---------- SOURCE MATERIAL ----------

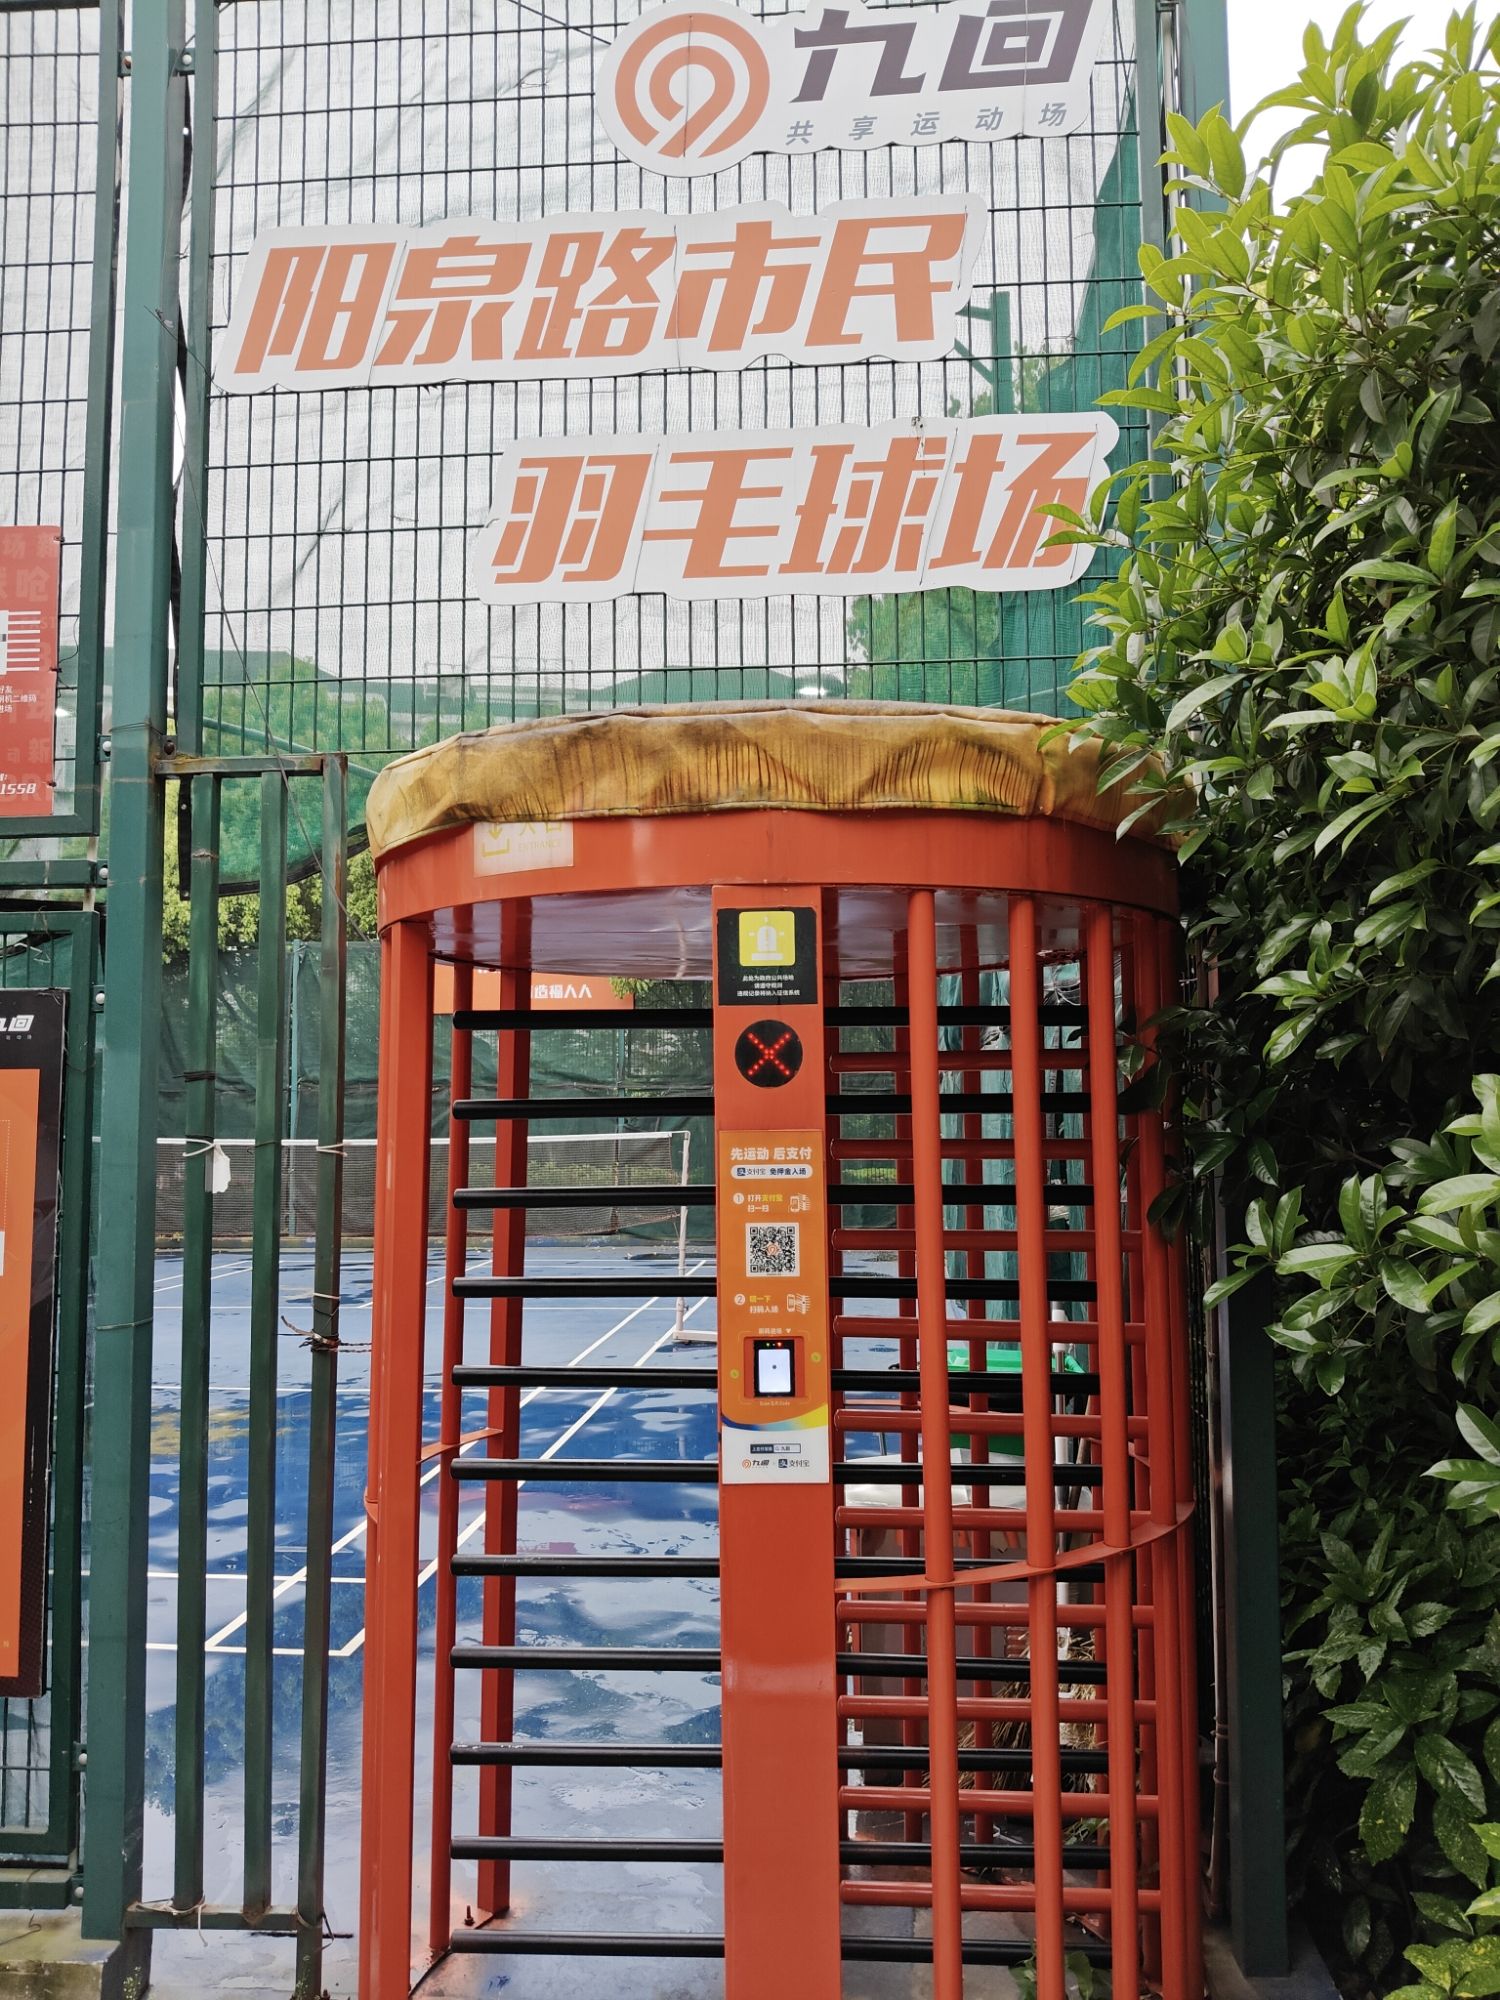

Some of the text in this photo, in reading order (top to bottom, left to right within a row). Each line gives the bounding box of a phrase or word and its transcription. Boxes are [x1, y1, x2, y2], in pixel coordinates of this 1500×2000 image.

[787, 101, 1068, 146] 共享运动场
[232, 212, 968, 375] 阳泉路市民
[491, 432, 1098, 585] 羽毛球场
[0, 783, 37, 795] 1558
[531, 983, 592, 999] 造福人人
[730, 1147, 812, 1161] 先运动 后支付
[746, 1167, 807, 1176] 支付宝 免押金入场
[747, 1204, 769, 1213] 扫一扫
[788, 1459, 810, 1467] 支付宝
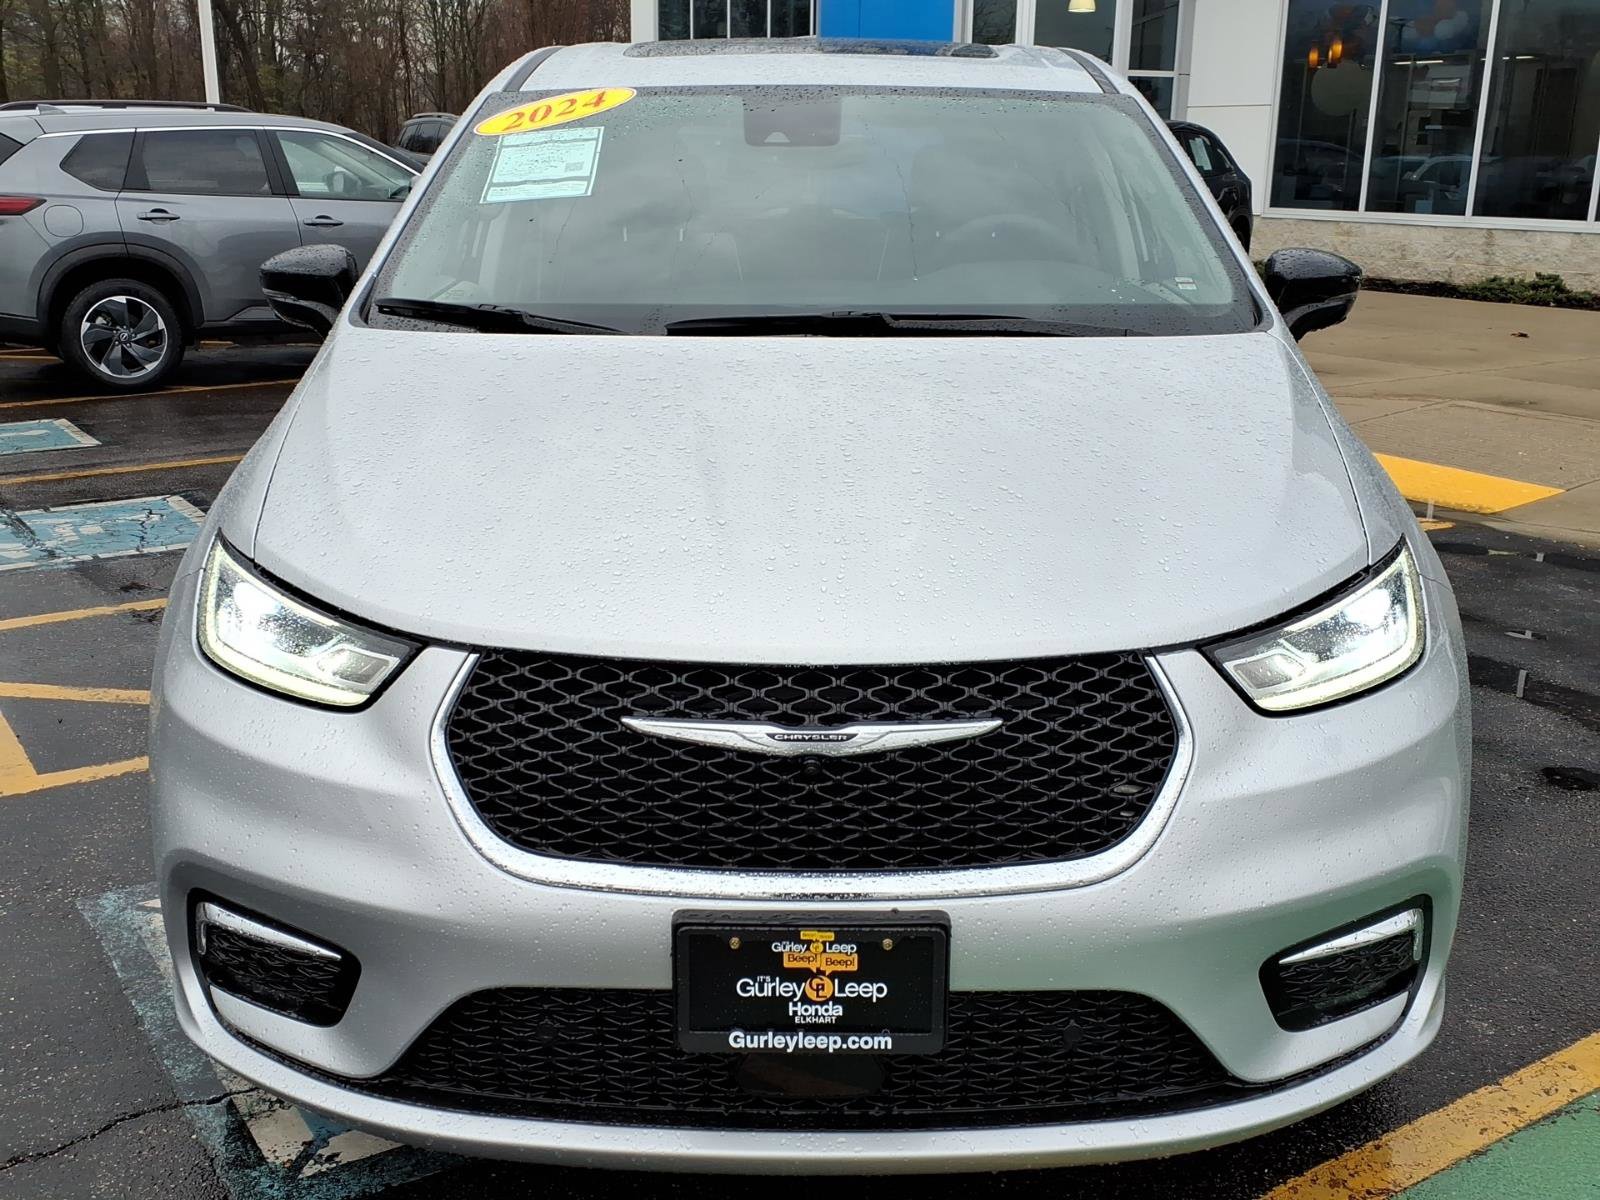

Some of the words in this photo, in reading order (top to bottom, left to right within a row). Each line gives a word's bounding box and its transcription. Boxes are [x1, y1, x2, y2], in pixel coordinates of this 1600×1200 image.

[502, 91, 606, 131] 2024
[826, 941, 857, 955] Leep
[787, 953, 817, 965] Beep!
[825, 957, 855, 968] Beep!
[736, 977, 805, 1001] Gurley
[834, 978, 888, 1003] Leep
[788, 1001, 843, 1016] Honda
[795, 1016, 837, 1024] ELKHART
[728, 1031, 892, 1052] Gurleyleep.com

----------

WHAT IS NEEDED: Copy verbatim the span of lines that begins with the line holding "Some of the words" and ends at the last line of the records.

ANSWER TO THE EXERCISE:
Some of the words in this photo, in reading order (top to bottom, left to right within a row). Each line gives a word's bounding box and its transcription. Boxes are [x1, y1, x2, y2], in pixel coordinates of this 1600×1200 image.

[502, 91, 606, 131] 2024
[826, 941, 857, 955] Leep
[787, 953, 817, 965] Beep!
[825, 957, 855, 968] Beep!
[736, 977, 805, 1001] Gurley
[834, 978, 888, 1003] Leep
[788, 1001, 843, 1016] Honda
[795, 1016, 837, 1024] ELKHART
[728, 1031, 892, 1052] Gurleyleep.com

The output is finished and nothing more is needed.